We sequenced the coding regions of 60 candidate genes and identified likely pathogenic (43.8%) or pathogenic (56.2%) variants in 16 probands (7.0%) of African and Hispanic descent with early-onset AF, with most (46.7%) loss-of-function variants in the TTN gene. In addition, 6 novel and rare variants encoding cardiac sodium (SCN10A) and potassium channels (KCNE5), myocardial structural proteins (MYH6 and TTN), and signaling molecules (NPPA) cosegregated with AF in multiple affected family members. Although most ethnic minority probands with early-onset AF did not harbor rare variants, our findings not only represent progress toward the molecular phenotyping of AF but also identify novel mechanism-based therapeutic approaches for this common arrhythmia in ethnic minority individuals.
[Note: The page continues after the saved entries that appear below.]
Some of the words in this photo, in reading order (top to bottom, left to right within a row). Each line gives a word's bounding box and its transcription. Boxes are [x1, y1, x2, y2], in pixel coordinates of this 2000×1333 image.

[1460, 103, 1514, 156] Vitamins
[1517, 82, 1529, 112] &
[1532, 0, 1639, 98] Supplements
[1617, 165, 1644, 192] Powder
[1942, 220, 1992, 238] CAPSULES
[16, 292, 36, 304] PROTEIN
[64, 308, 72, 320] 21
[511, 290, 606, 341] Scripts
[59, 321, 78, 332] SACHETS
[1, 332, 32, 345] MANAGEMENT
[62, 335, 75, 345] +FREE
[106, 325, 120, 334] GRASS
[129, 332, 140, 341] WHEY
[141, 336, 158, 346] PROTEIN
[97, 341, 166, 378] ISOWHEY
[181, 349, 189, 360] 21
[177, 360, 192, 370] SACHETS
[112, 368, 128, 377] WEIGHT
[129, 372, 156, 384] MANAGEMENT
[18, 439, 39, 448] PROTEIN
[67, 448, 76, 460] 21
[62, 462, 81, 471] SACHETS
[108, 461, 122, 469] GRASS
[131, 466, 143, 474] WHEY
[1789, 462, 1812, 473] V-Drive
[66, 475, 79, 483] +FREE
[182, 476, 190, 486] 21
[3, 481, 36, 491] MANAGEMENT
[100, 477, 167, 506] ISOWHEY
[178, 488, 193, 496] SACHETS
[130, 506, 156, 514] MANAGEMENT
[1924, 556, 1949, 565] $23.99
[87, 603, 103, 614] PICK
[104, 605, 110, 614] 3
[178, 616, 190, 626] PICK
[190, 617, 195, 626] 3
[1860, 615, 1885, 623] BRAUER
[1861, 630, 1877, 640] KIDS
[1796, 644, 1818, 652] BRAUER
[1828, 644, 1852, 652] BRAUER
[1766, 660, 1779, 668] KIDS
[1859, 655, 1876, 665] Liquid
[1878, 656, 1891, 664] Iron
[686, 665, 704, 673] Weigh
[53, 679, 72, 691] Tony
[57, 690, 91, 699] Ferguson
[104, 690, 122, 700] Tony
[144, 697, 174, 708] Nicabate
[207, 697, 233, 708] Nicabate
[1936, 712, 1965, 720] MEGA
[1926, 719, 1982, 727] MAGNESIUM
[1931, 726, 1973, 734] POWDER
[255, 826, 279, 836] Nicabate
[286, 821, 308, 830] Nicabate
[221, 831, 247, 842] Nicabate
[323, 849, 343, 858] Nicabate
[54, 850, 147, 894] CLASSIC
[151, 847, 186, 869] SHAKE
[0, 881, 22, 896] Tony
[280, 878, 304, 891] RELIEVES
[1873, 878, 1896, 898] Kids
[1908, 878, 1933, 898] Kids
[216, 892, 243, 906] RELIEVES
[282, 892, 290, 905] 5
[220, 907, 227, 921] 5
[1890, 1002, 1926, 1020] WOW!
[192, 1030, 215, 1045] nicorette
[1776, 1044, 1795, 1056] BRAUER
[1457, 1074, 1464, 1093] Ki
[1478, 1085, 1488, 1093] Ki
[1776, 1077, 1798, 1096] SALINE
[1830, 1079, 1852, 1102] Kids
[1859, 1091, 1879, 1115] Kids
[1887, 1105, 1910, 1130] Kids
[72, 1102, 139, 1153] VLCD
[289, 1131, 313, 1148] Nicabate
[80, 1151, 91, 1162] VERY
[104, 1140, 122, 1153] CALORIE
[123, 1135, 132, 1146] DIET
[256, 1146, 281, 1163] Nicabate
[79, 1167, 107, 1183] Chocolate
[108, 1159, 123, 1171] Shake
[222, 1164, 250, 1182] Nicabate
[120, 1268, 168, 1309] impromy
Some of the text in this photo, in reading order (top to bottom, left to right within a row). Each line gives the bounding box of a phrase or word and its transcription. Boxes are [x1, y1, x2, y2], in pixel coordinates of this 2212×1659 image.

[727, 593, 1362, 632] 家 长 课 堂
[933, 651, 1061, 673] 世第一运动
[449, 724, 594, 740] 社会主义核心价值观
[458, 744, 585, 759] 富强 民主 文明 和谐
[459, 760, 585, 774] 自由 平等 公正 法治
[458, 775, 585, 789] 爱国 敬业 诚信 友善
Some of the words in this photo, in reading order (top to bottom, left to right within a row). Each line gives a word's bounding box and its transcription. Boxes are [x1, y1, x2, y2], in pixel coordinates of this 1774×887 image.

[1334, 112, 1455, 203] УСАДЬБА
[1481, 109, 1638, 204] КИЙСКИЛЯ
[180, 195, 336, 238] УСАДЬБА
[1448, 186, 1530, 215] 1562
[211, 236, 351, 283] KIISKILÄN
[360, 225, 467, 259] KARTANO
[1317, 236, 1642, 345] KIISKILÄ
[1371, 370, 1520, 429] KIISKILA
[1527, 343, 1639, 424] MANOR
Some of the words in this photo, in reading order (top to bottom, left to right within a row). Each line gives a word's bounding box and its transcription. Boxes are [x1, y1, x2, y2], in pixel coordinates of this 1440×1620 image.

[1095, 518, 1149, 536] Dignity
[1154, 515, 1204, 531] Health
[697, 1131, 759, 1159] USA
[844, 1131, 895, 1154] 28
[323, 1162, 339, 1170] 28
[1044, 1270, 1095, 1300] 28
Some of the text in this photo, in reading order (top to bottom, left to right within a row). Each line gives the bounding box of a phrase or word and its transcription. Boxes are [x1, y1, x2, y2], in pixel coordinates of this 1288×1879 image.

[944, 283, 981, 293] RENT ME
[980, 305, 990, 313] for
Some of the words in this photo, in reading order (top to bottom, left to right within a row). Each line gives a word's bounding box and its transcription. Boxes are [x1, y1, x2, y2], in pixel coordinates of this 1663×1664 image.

We identified rare variants associated with AF in a small percentage (7.0%) of ethnic minority probands with early-onset AF. This percentage is lower than that found in European White individuals with early-onset AF, of whom approximately 20% carried very rare variants.19 There are several potential explanations for why a minority of probands of self-reported African American and Hispanic/Latinx ethnicity carried rare gene variants. Because our ethnic cohort, especially African American individuals, had a greater burden of AF-associated comorbidities, one reason may relate to a population enriched with acquired causes. Our probands did not have lone AF. However, we noted that that probands with early-onset AF with comorbidities had a greater prevalence of rare variants, suggesting that these may be risk alleles rather than mendelian disease-associated variants (eTable 3 in the Supplement). Nonetheless, a study across race/ethnicity populations supports the concept of the 2-hit hypothesis in which susceptibility to AF is dependent not only on carrying a pathogenic variant associated with AF, but also on a second hit, such as an established AF risk factor (eg, obesity or hypertension) or common genetic variants on chromosome 4q25.20 Other potential explanations for why a minority of African American and Hispanic/Latinx probands with early-onset AF harbored rare variants include the failure to sequence genes not yet identified that are involved in the pathogenesis of early-onset AF; sequencing only the coding regions of candidate genes; rare variants with a minor allele frequency less than or equal to 0.1% and missing variants or combinations of variants with intermediate effects; and the challenges of correctly phenotyping participants with AF, which can be asymptomatic.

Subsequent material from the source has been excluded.